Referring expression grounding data
---------------

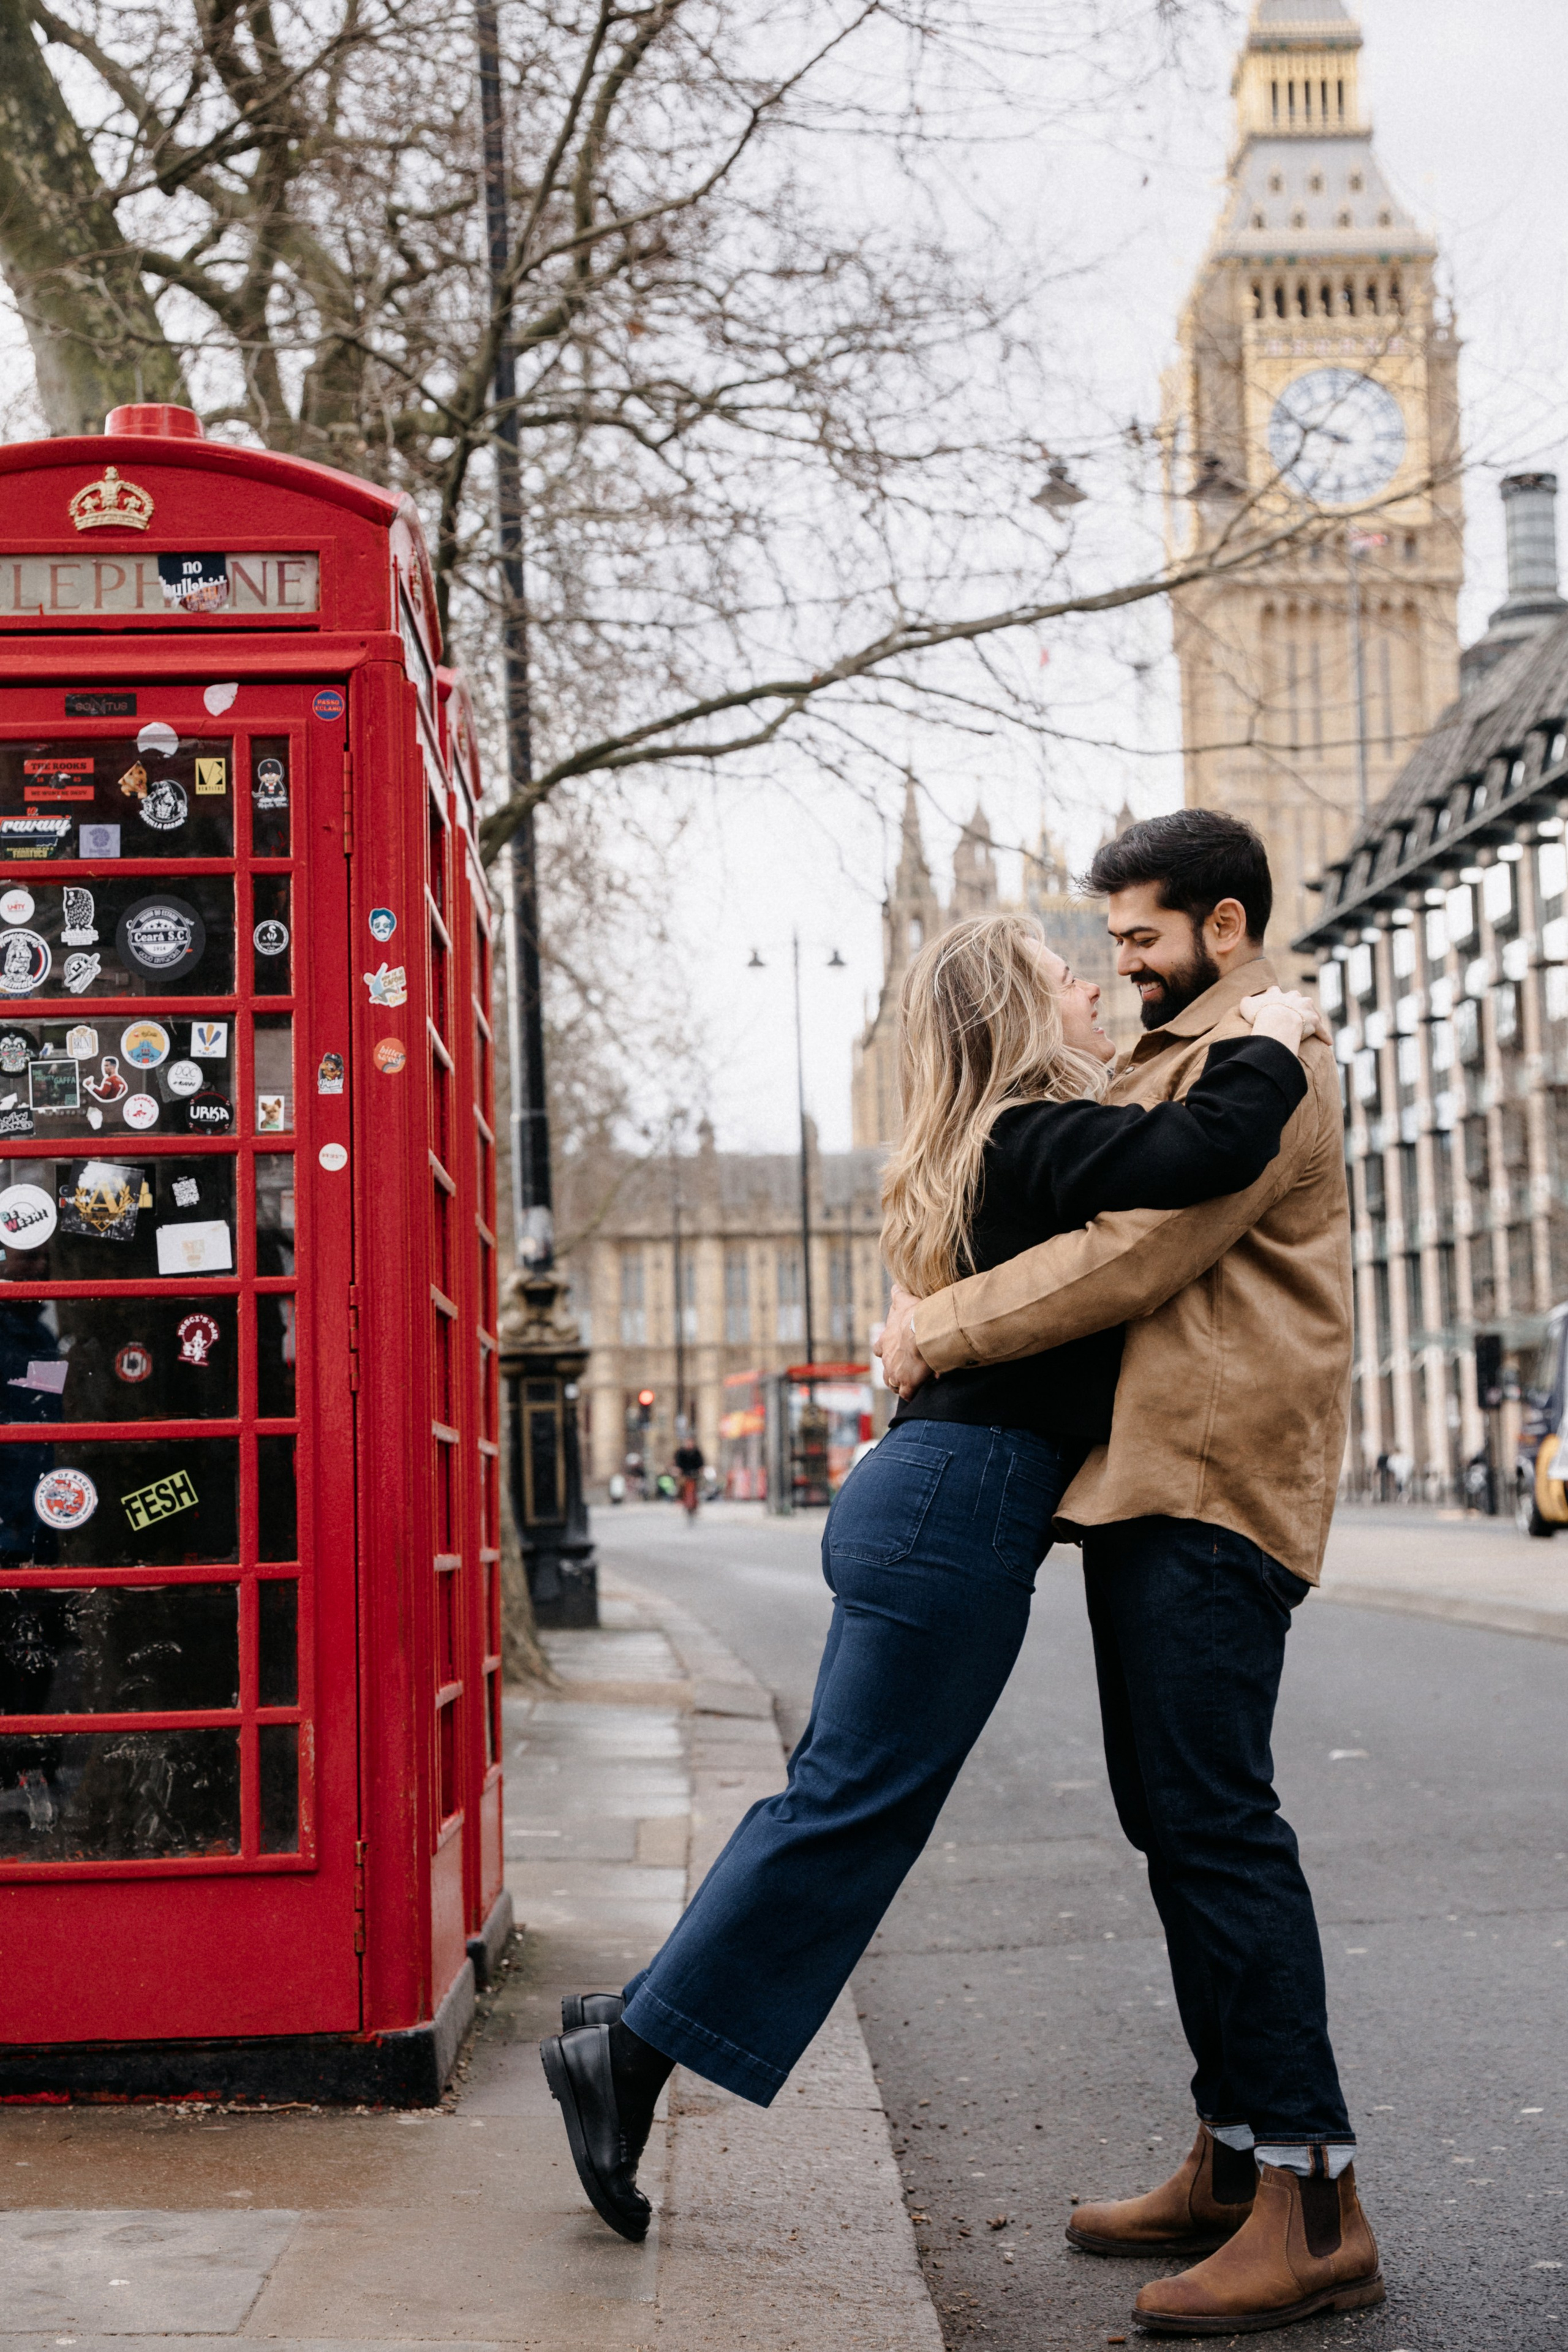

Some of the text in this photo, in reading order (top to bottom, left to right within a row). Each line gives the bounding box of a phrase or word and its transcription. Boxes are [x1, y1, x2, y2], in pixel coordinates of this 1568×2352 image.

[182, 560, 202, 575] no
[0, 556, 306, 609] LEPHNE
[134, 930, 184, 943] Ceará S.C
[53, 1076, 77, 1085] GAFFA
[189, 1106, 230, 1122] URKA
[73, 1474, 90, 1491] RAGE
[124, 1473, 197, 1528] FESH

---------------

# REQUIRED ACTION:
Set down every line above exactly, pictures excluded.

# TASK ANSWER:
Some of the text in this photo, in reading order (top to bottom, left to right within a row). Each line gives the bounding box of a phrase or word and its transcription. Boxes are [x1, y1, x2, y2], in pixel coordinates of this 1568×2352 image.

[182, 560, 202, 575] no
[0, 556, 306, 609] LEPHNE
[134, 930, 184, 943] Ceará S.C
[53, 1076, 77, 1085] GAFFA
[189, 1106, 230, 1122] URKA
[73, 1474, 90, 1491] RAGE
[124, 1473, 197, 1528] FESH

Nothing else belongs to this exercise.